Walk through the non-descript front door of the lounge formerly known as Halo and you’ll find a cozy, comfortable old library that just happens to be a mature nightclub. Drinks and food have a classic, fun feel. The grilled cheese is a hearty sandwich, cut into slim fingers. Made on locally sourced bread, with lots of gruyère cheese, it’s slowly grilled with butter. For a variation, try it with Tuscan shaved ham. (10538 Jasper Ave., 780-423-4256, thebower.ca)

Vietnamese Pork Spring Rolls at The Golden Bird

The ubiquitous spring roll. Yes, I know every Asian restaurant has its own version. But these pork spring rolls are the closest to the ones I experienced on my culinary tour of Vietnam. Long rolls are tightly wrapped around a generous portion of ground pork and carrots. The rolls come with a dipping sauce, but try it with a side of the house-made kimchee.  (10542 97 St., 780-420-1612)

Lobster & Potato Lasagna at Holt’s Café 

This is a rich dish, but a must try and worth every calorie. Thinly sliced potatoes are layered with fresh lobster, béchamel sauce and Parmesan cheese, then baked and gently finished with a pernod tarragon cream. Caramelized scallops and spinach sit on top of the dish. Holt’s Café definitely knows how to work with fresh seafood in this land-locked province of ours. (10180 101 St., 780-425-5300 ext 62902, holtrenfrew.com)

Savoury Waffle with Lox and Poached Eggs at Under the High Wheel

I just love all-day breakfasts and this one, with its focus on locally sourced ingredients, is a keeper. Light and slightly crunchy waffles are topped with lox and two poached eggs, done to your liking, finished with lemony hollandaise and herb oil and served with a side of mixed greens and berry salad. (8135 102 St., 780-439-4442, underthehighwheel.com)

Bucatini al Ragù at Lit Italian Wine Bar

This dish truly lives up to Grandma Covelli’s recipe from the Campania region in Italy. A generous portion of Bucatini pasta (spaghetti-like in shape with a hole running through the centre) is served al dente, smothered in a rich ragù sauce of ground beef, tomatoes, wine and spices. Pair with one of the many hearty reds offered on the Lit wine list. (10132 104 St., 780-757-6688, litwinebar.ca)

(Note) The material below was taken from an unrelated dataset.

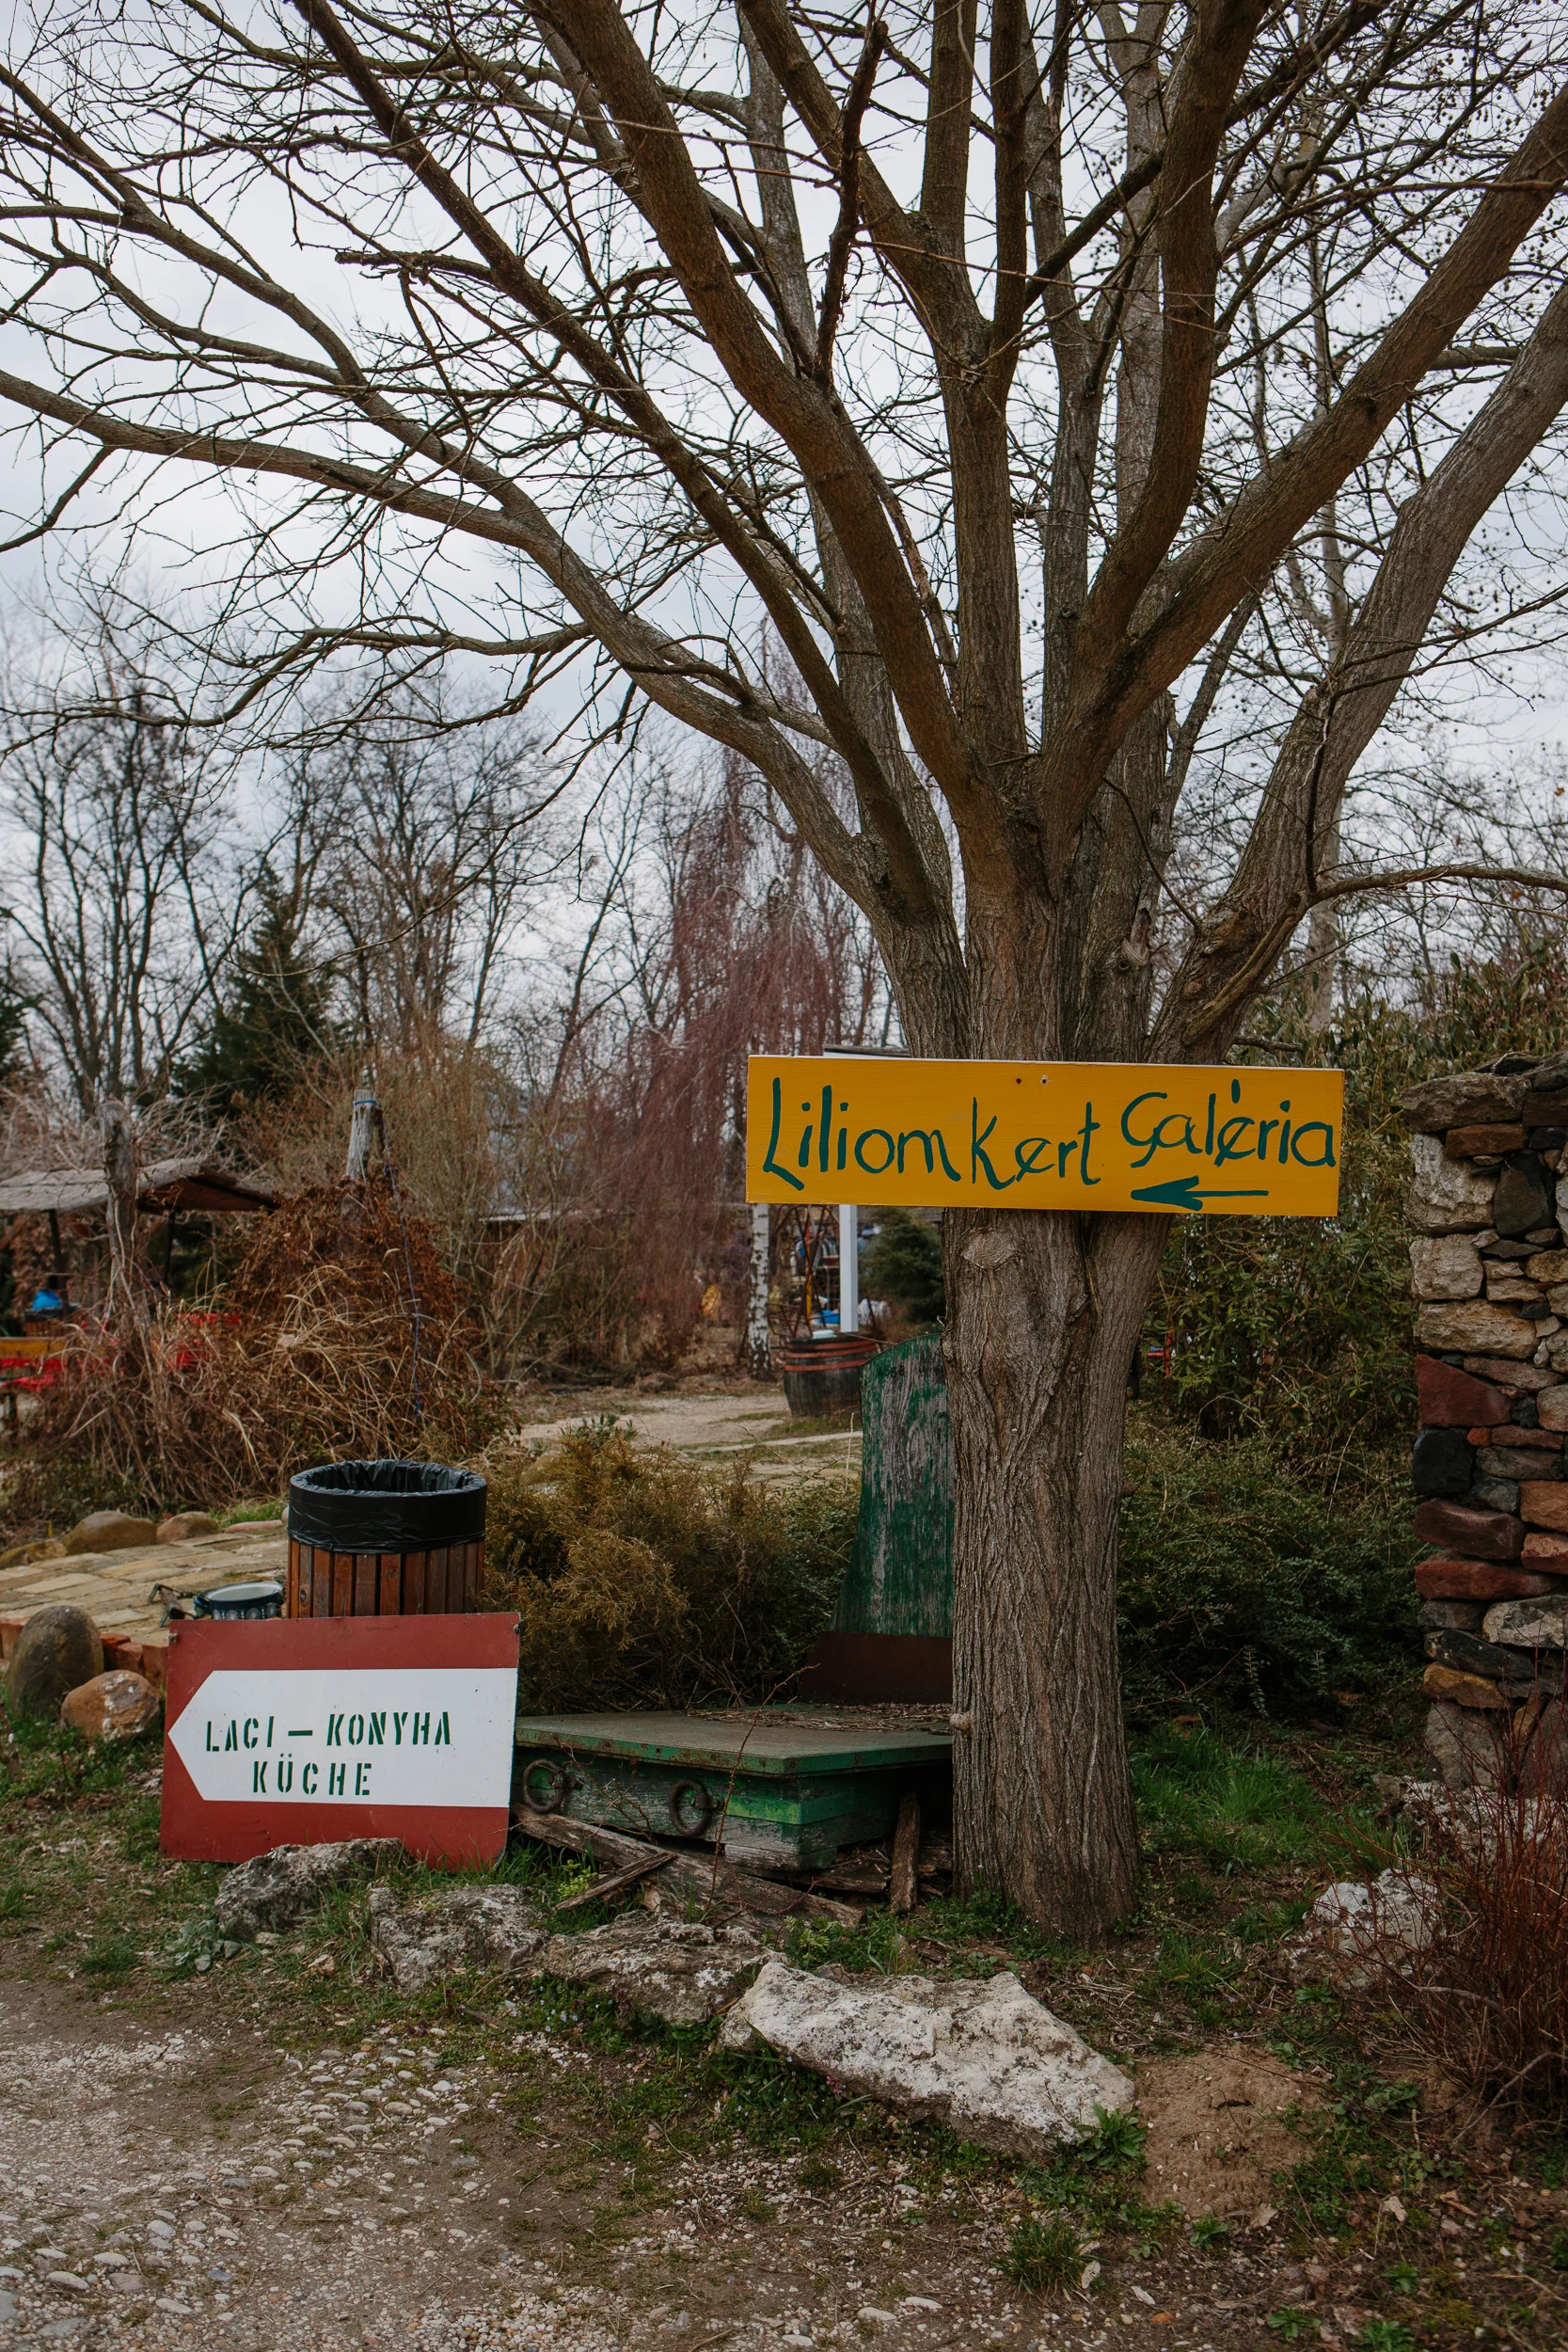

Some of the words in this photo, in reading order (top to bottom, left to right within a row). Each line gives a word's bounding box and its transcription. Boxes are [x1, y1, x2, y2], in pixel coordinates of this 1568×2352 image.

Cauliflower Dip at Canteen

This new sister café to Red Ox Inn has several vegetarian dishes that pack a lot of flavour. A particular favourite is the starter of puréed cauliflower served with a toasted baguette in its own little pan. Who knew a ubiquitous cruciferous vegetable could be so good? The secret? A vadouvan blend of Indian curry spices that has a French culinary connection. (10522 124 St., 780-485-6125, canteenyeg.ca)

Barbecued Pig Wings at Kelly’s Irish Pub

This meaty appetizer goes well with many of this pub’s bevies. Three generous pork ribs are Frenched (some of the meat is cleaned off the bone) to look like wings. But make no mistake, this is house-smoked pork, slathered in house-made coffee barbecue sauce and served with shredded carrot. And it is not your typical pub fare.(10156 104 St., 780-451-8825, kellyspubedmonton.com)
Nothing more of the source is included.